Privacy Policy

Last updated: April 23, 2026

Worknight Studio ("we", "us") operates this website and the Project Remnant pre-release project. This policy explains what personal data we collect, why, and the rights you have over it. It is written for a small hobbyist project with no revenue, and reflects that posture. It will be revised (and reviewed by legal counsel) before any paid release.

1. Who we are

The data controller for this website is Worknight Studio, [ADDRESS — TBD]. Contact: [EMAIL — TBD].

2. What we collect

We collect the minimum data needed to run the site and the newsletter.

2.1 Newsletter subscribers

• Email address you enter into the newsletter form.
• Subscription status (confirmed or not, opted-out or not) and the timestamps of those changes.
• The IP address of the signup request — used to rate-limit abuse (we reject more than a few signups from the same IP in a 24-hour window). IP is not stored long-term.
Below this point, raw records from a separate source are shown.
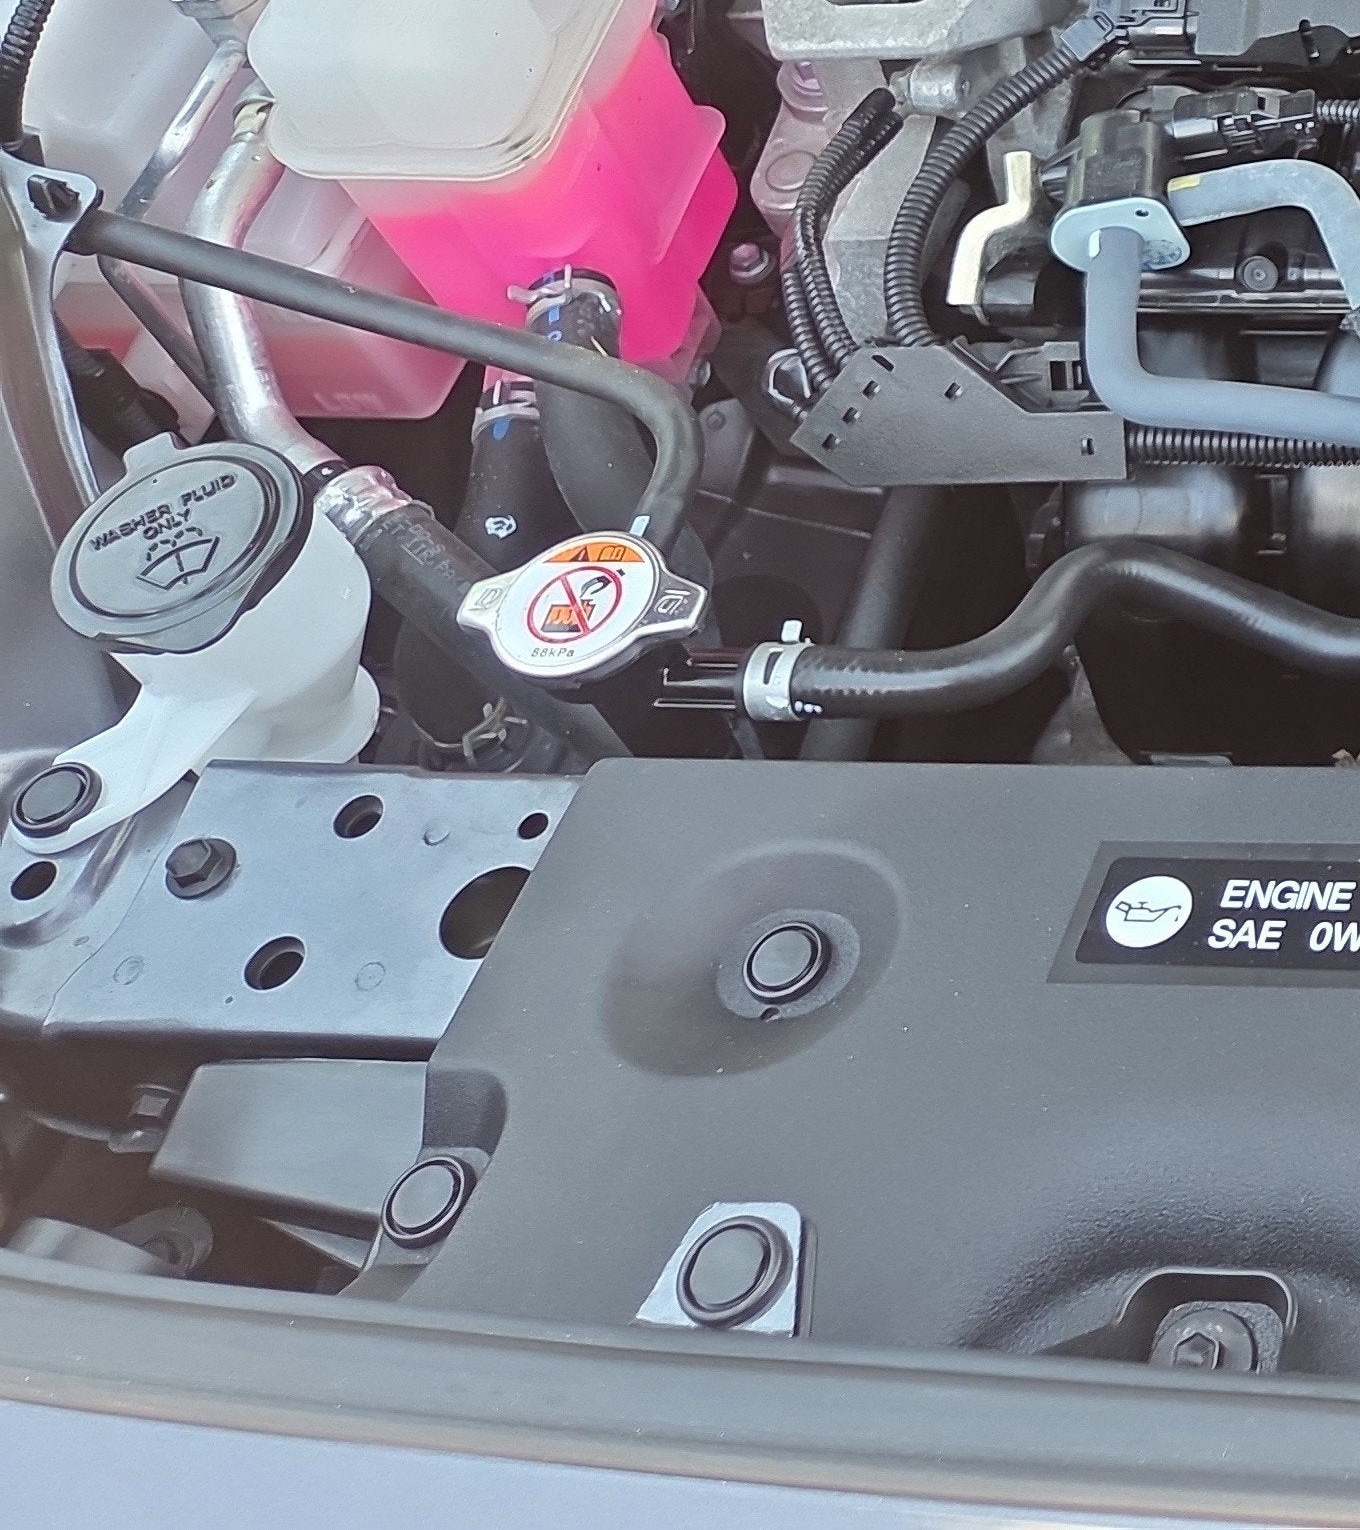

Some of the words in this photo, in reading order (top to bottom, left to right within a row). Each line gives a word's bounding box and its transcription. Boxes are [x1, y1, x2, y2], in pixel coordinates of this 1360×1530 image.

[89, 503, 172, 551] WASHER
[180, 474, 235, 507] FLUID
[142, 507, 190, 540] ONLY
[531, 647, 575, 658] 88kPa
[1219, 879, 1357, 912] ENGINE
[1207, 919, 1286, 950] SAE
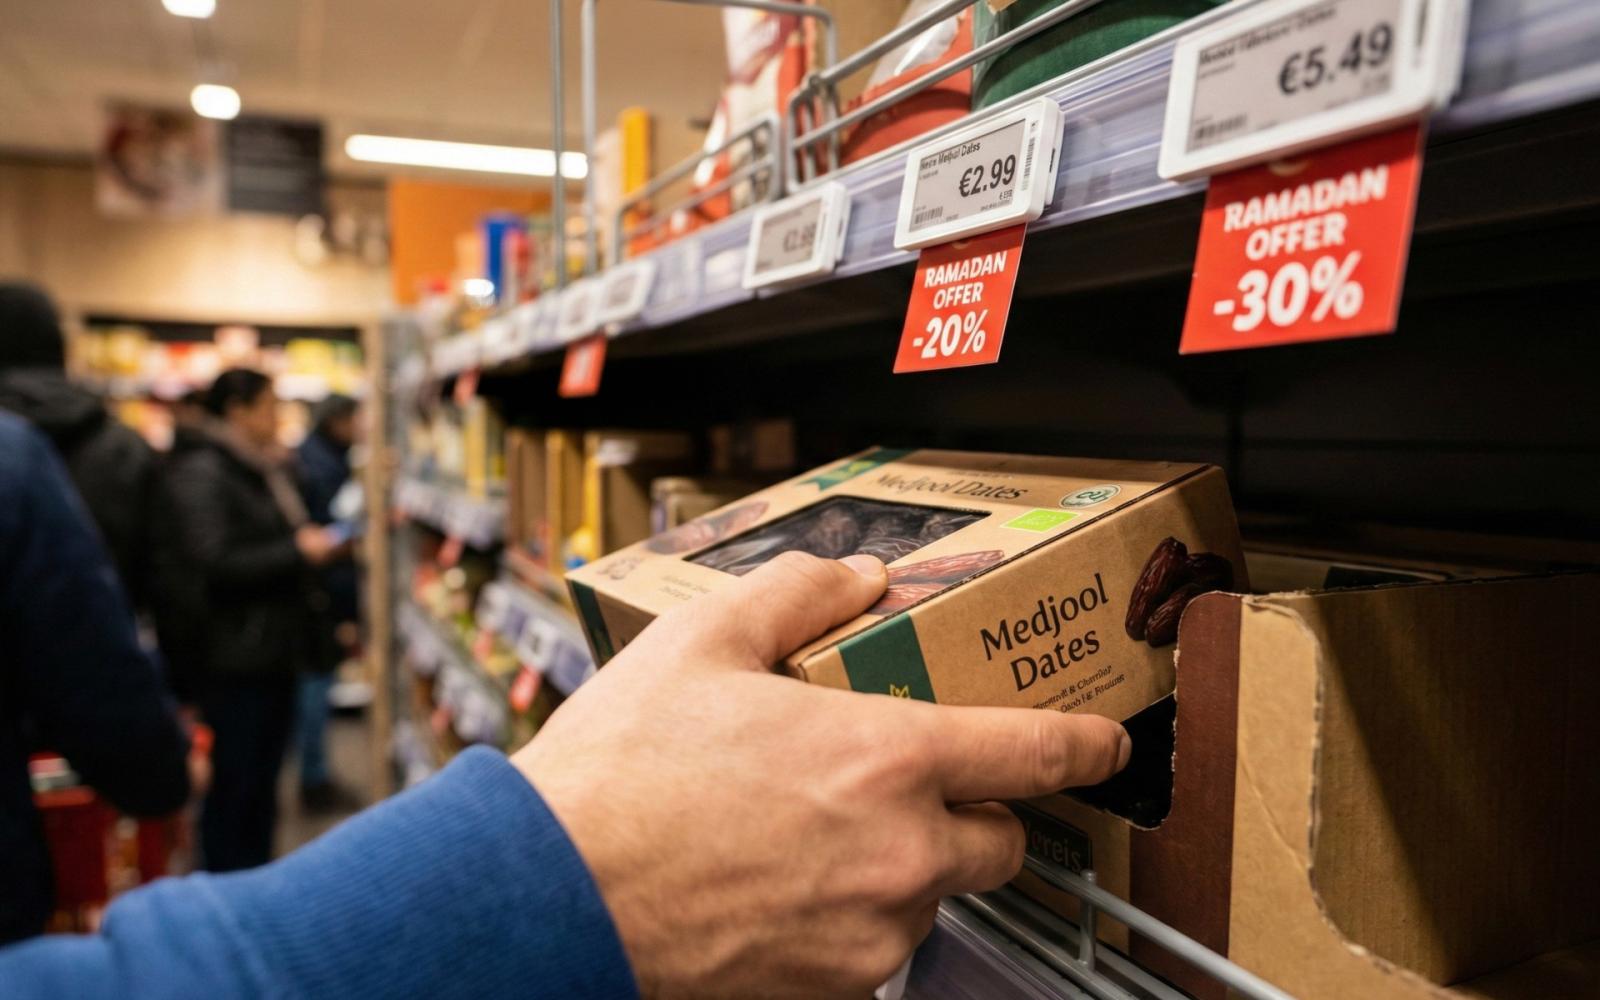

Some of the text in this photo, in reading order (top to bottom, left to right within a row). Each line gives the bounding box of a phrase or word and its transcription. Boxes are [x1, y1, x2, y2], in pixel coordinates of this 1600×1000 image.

[1278, 21, 1394, 95] €5.49
[958, 154, 1016, 198] €2.99
[1223, 164, 1389, 233] RAMADAN
[1245, 212, 1347, 261] OFFER
[924, 250, 1008, 288] RAMADAN
[1213, 251, 1364, 332] -30%
[933, 282, 984, 310] OFFER
[912, 309, 988, 359] -20%
[873, 473, 964, 495] Medjool
[955, 480, 1028, 500] Dates
[979, 572, 1109, 661] Medjool
[1010, 629, 1101, 692] Dates
We use double opt-in: after submitting your email, you receive a confirmation email and your address is not added to our list until you click the confirmation link. Unconfirmed subscriptions are deleted after 30 days.

2.2 Website visitors

We do not use tracking cookies, advertising pixels, or third-party analytics that identify individual users. If we add analytics later, it will be a privacy-respecting, cookieless option (such as Cloudflare Web Analytics) and this policy will be updated.

Our hosting provider (Vercel) automatically records standard server logs including IP address, user agent, and request URL. These logs are kept for a short rolling window for operational and security purposes.

3. Why we collect it

Newsletter: to send you updates about Project Remnant that you opted in to receive. The lawful basis under GDPR is your consent (Article 6(1)(a)), given via double opt-in. You can withdraw this consent at any time.

Rate limiting: to prevent abuse of the signup form. The lawful basis is our legitimate interest in protecting the service (Article 6(1)(f)).

4. Sub-processors

We rely on the following third-party services to operate the site and newsletter. Each has its own privacy policy:

• Vercel Inc. — website hosting + serverless functions. Privacy policy.
• Supabase Inc. — database storing subscriber records. Privacy policy.
• Resend (Resend Inc.) — email delivery for newsletter confirmations and broadcasts. Privacy policy.
• Cloudflare, Inc. — DNS and bot protection (Turnstile). Privacy policy.

5. How long we keep your data

• Newsletter subscription: kept while you are subscribed. If you unsubscribe, we keep a minimal record (your email, the fact that you unsubscribed, and the date) so we don't accidentally re-add you. That minimal record is deleted 24 months after the unsubscribe.
• Unconfirmed signups: deleted 30 days after the initial submission.
• Server logs: typical rolling window of 30 days (set by Vercel), after which they are rotated out.

6. Your rights

Under the GDPR (EU/UK), CCPA/CPRA (California), and similar privacy laws elsewhere, you have the right to:

• Access the personal data we hold about you.
• Correct inaccurate data.
• Delete your data ("right to be forgotten").
• Port your data to another service in a machine-readable format.
• Object to processing based on legitimate interests.
• Withdraw consent at any time — by clicking unsubscribe in any email, or by emailing us directly.

To exercise any of these rights, email us at [EMAIL — TBD]. We aim to respond within 30 days.

If you are in the EU or UK, you also have the right to lodge a complaint with your local supervisory authority if you believe we have violated your rights.

7. We do not sell your data

We do not sell your personal data to anyone. We do not share it with advertisers or data brokers. The only parties with access to your data are the sub-processors listed in §4, each of which handles it under a data-processing agreement.

8. Cookies

At present, this website does not use tracking cookies. The only cookies set are strictly-necessary session cookies required for the site to function (for example, to keep you logged in if you become an authenticated user later).

9. Children

This site is not directed at children under 16. We do not knowingly collect personal data from anyone under 16. If you believe a child has submitted data to us, please contact us and we will delete it.

10. International transfers

Our sub-processors are US-based. If you are located in the EU, UK, or elsewhere, your data may be transferred to and processed in the United States. We rely on the Standard Contractual Clauses (where applicable) of each sub-processor to provide an adequate level of protection for these transfers.

11. Changes to this policy

We may update this policy as the project grows or as laws change. The "Last updated" date at the top of this page reflects the latest revision. For material changes, we will notify current newsletter subscribers by email.

12. Contact

Questions about this policy or about how we handle your data: [EMAIL — TBD].